WHAT TO DO — All records below should be repeated exactly, with the pictures left out.

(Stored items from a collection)
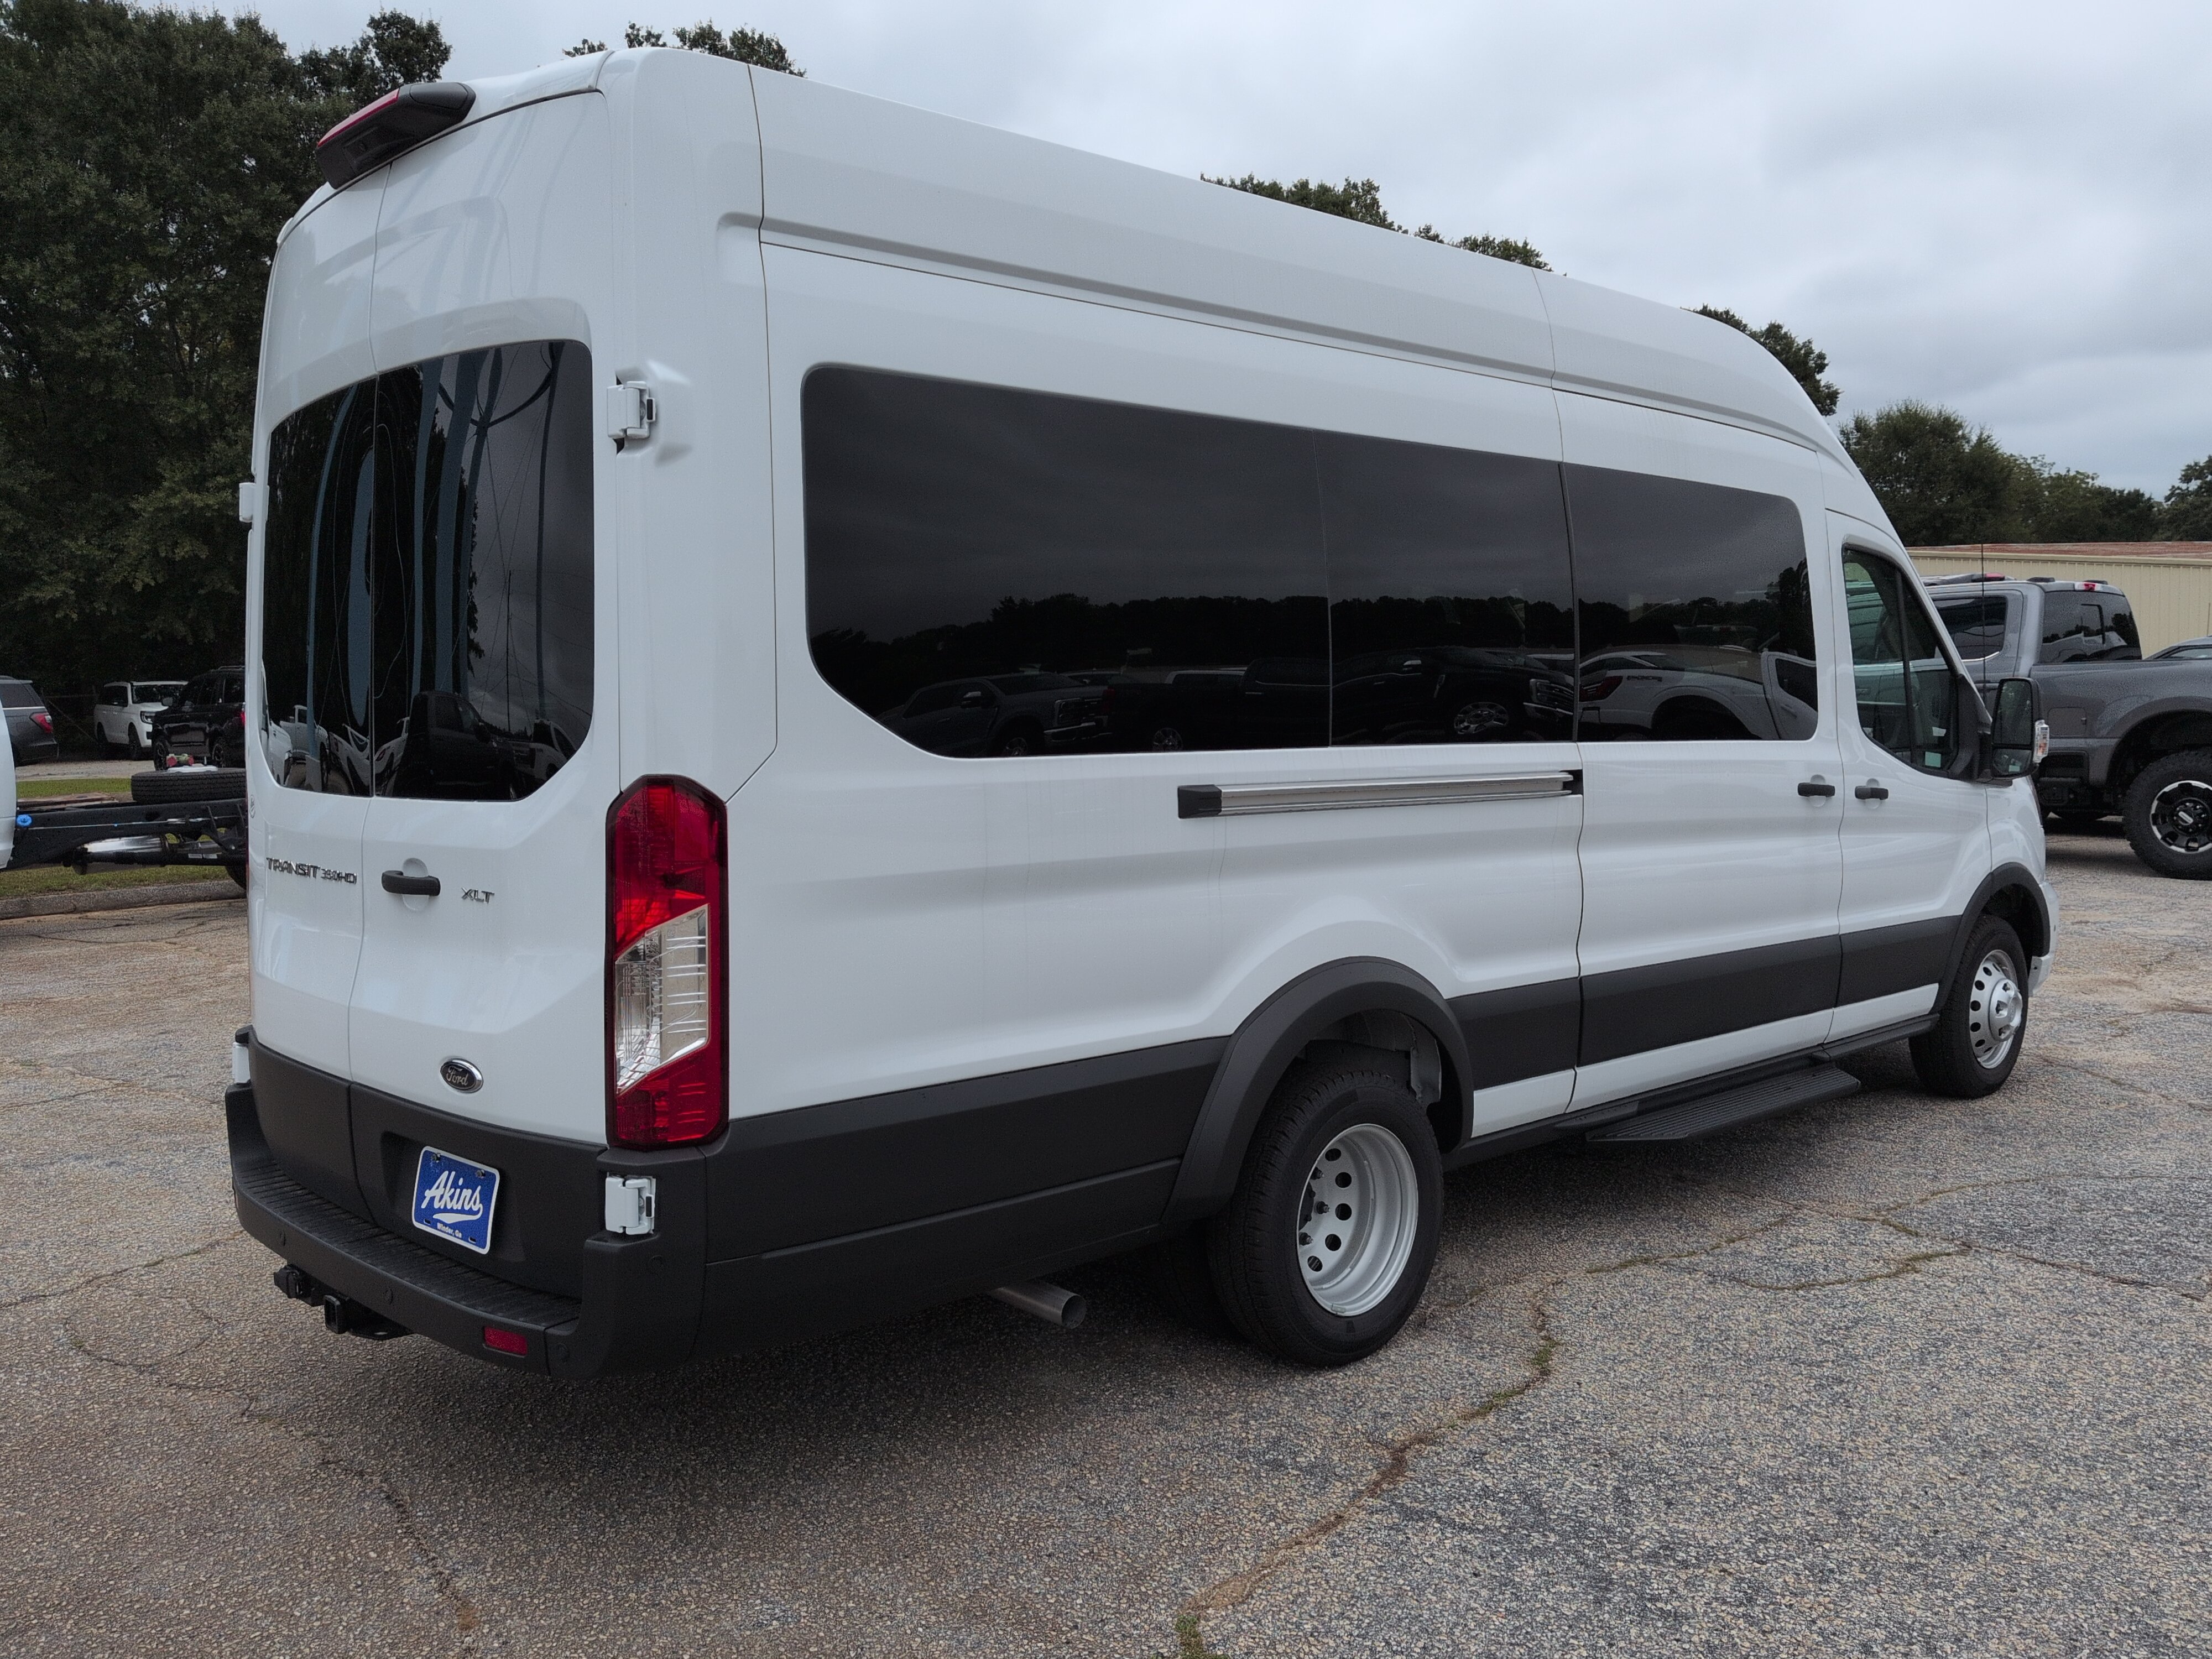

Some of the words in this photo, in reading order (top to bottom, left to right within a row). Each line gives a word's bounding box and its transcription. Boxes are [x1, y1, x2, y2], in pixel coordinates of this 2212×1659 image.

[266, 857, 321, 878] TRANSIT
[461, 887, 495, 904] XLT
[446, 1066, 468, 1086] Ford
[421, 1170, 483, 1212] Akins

ANSWER SECTION —
Some of the words in this photo, in reading order (top to bottom, left to right within a row). Each line gives a word's bounding box and its transcription. Boxes are [x1, y1, x2, y2], in pixel coordinates of this 2212×1659 image.

[266, 857, 321, 878] TRANSIT
[461, 887, 495, 904] XLT
[446, 1066, 468, 1086] Ford
[421, 1170, 483, 1212] Akins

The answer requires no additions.